Abstract
Biobanked, cryopreserved lung cells obtained from human lung tissue are viable and valuable resources for large-scale molecular phenotyping http://bit.ly/31gtpcP
Introduction
Recent advances in high throughput omic technologies have greatly enhanced our knowledge of the molecular basis of complex lung diseases.

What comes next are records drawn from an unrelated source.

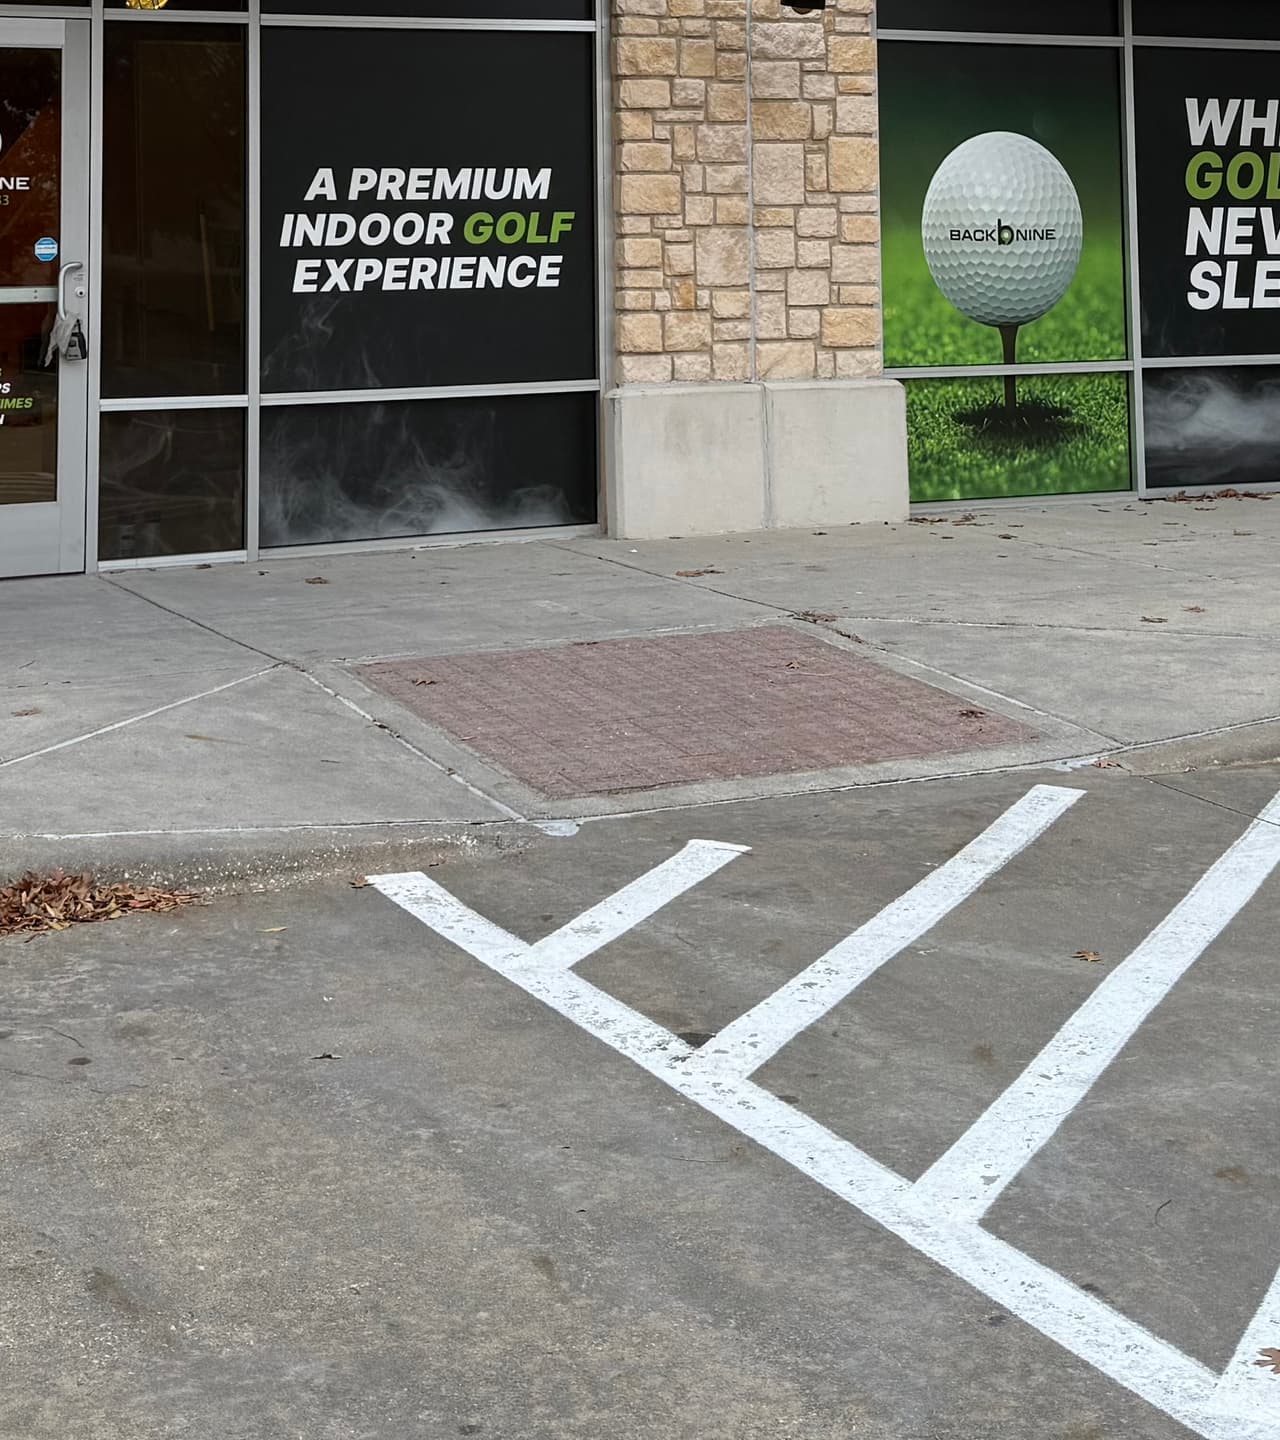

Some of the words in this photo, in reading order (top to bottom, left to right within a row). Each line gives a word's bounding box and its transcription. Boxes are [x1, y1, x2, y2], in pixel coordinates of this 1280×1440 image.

[304, 167, 337, 201] A
[348, 167, 552, 201] PREMIUM
[279, 212, 454, 247] INDOOR
[463, 211, 576, 245] GOLF
[949, 228, 996, 242] BACK
[1016, 228, 1056, 241] NINE
[292, 255, 563, 293] EXPERIENCE
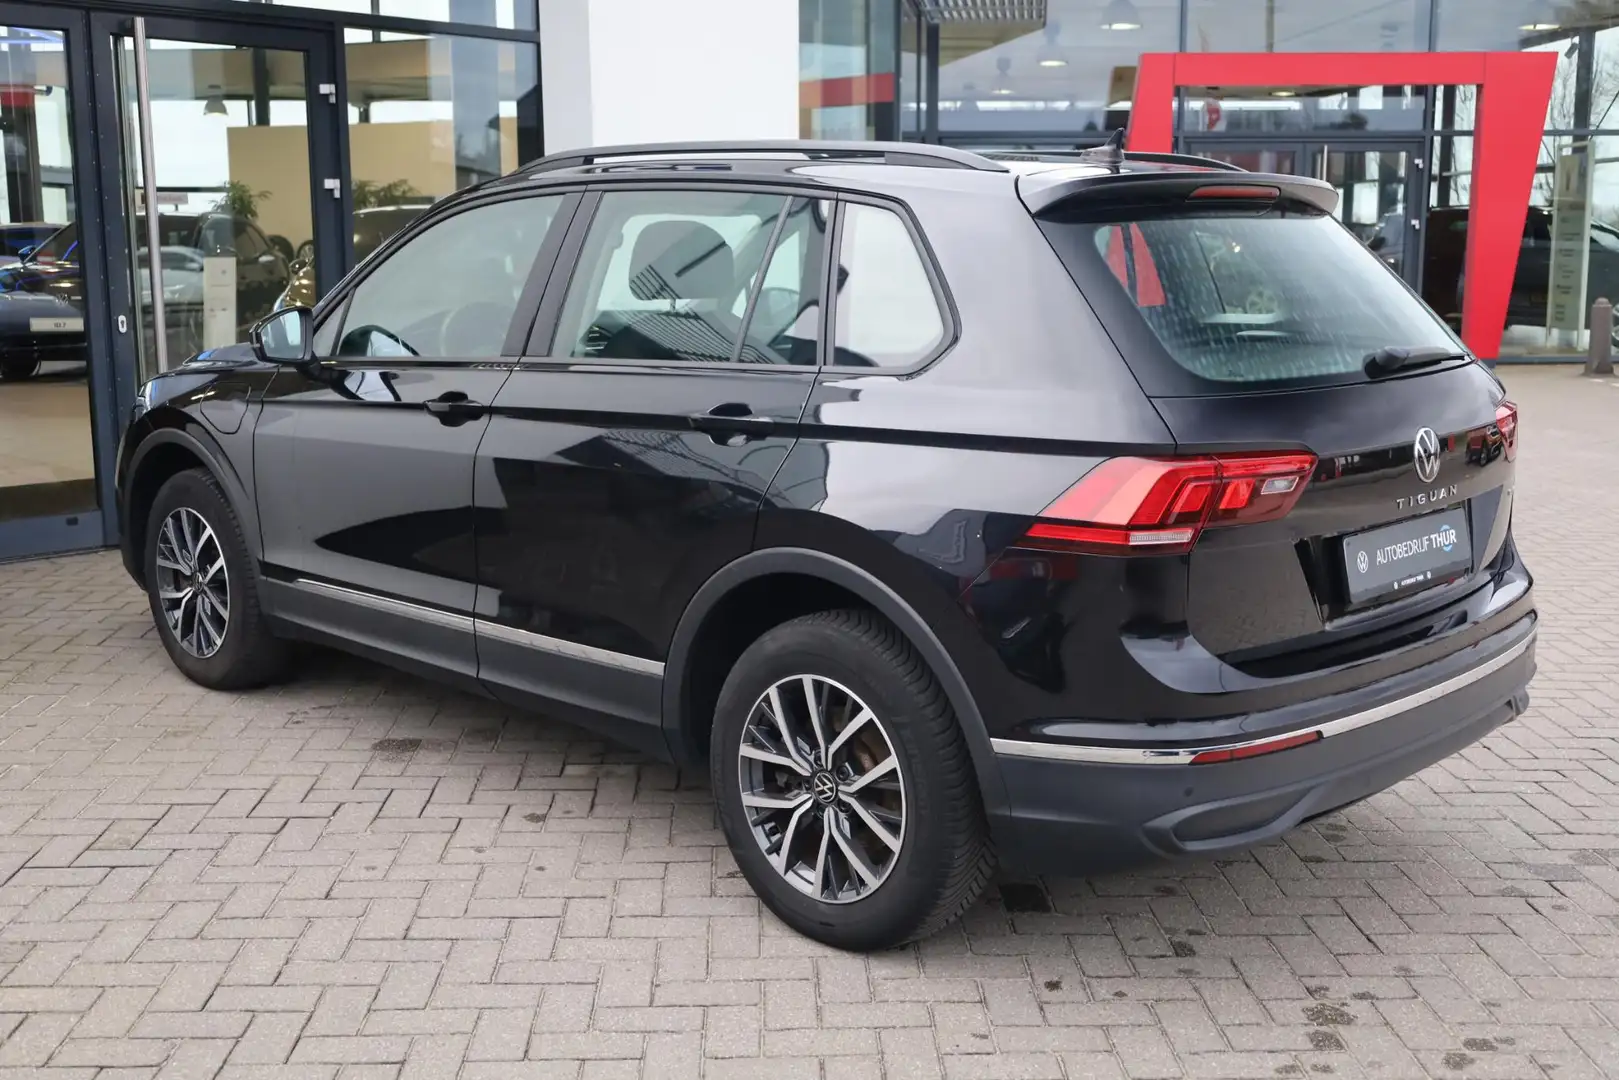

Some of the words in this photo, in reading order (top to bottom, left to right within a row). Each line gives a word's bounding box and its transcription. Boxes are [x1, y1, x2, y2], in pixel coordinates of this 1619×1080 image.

[1396, 484, 1458, 510] TIGUAN
[1376, 536, 1430, 566] AUTOBEDRIJF
[1430, 529, 1457, 549] THUR
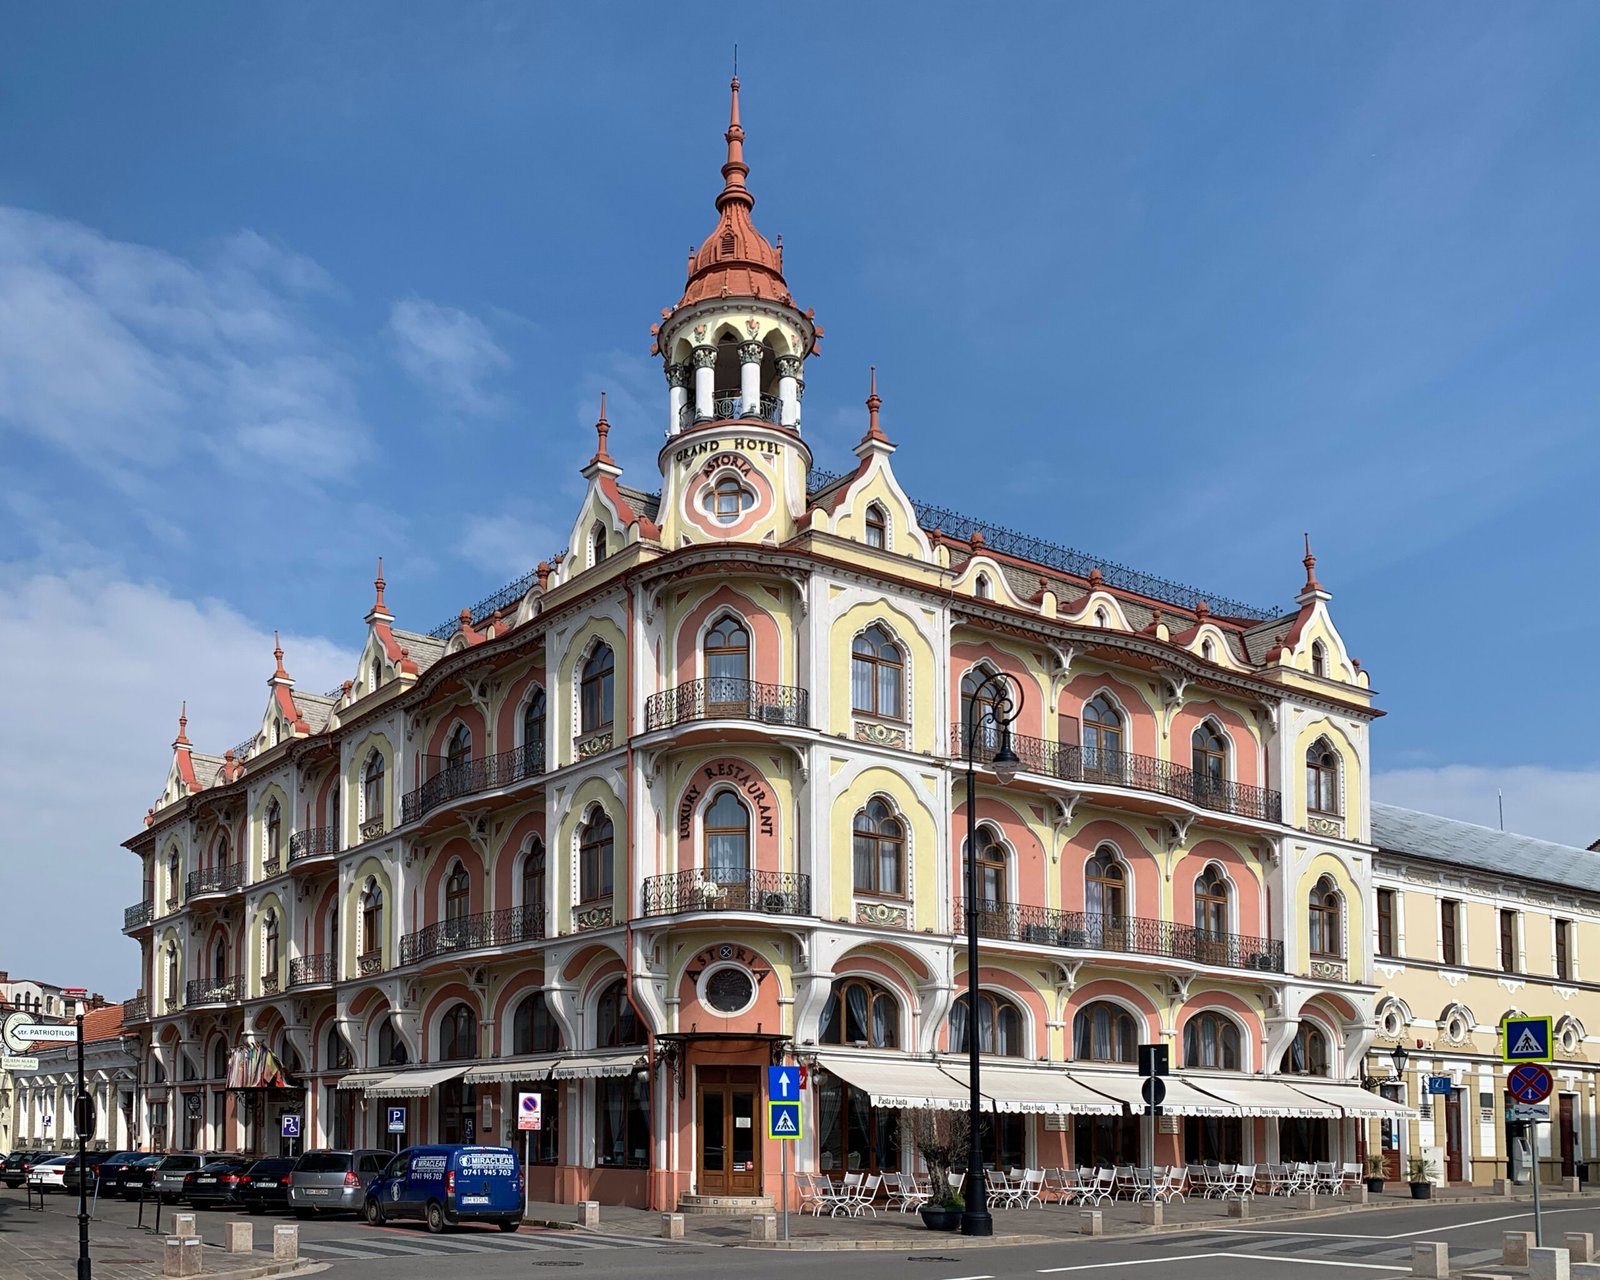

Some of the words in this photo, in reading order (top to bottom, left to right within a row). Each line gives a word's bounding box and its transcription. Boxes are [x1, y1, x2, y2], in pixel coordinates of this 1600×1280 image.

[676, 440, 720, 462] GRAND
[734, 438, 781, 455] HOTEL
[702, 455, 752, 478] ASTORIA
[680, 784, 701, 839] LUXURY
[704, 764, 773, 837] RESTAURANT
[284, 1118, 293, 1128] P
[394, 1111, 400, 1120] P
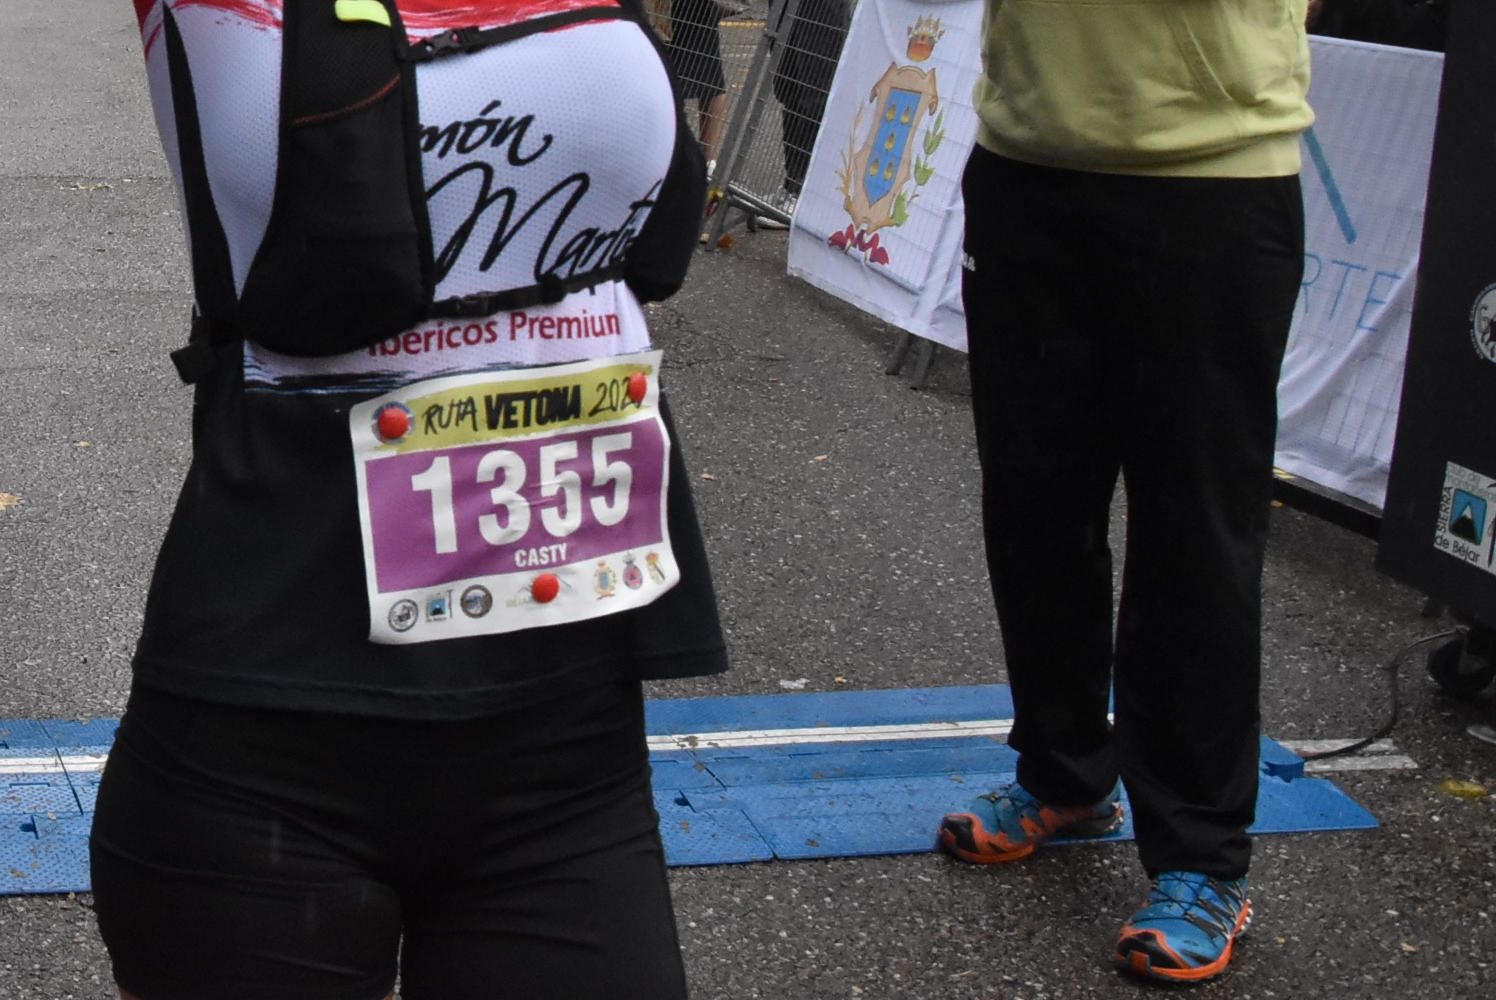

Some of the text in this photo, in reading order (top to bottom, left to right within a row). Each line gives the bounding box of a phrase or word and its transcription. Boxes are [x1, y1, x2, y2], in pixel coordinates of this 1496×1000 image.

[422, 395, 480, 436] RUTA
[484, 384, 582, 431] VETONA
[411, 431, 633, 555] 1355
[1437, 487, 1453, 533] SIERRA
[514, 543, 569, 569] CASTY
[1435, 535, 1450, 549] de

In particular, with the advent of next generation sequencing, transcriptomic studies with RNA sequencing (RNA-seq) have yielded important insights into COPD and idiopathic pulmonary fibrosis (IPF) [1, 2]. However, most studies to date have been performed on whole lung tissue, such that many unique cell type-specific gene expression signatures, particularly those of alveolar epithelial cells (AECs), which play a key role in COPD and IPF, may have been diluted, if not missed altogether. Single-cell RNA-seq is rapidly gaining momentum as a strategy to profile individual cells [3, 4], but sequencing depth is typically much lower and cost much higher than that of bulk RNA-seq.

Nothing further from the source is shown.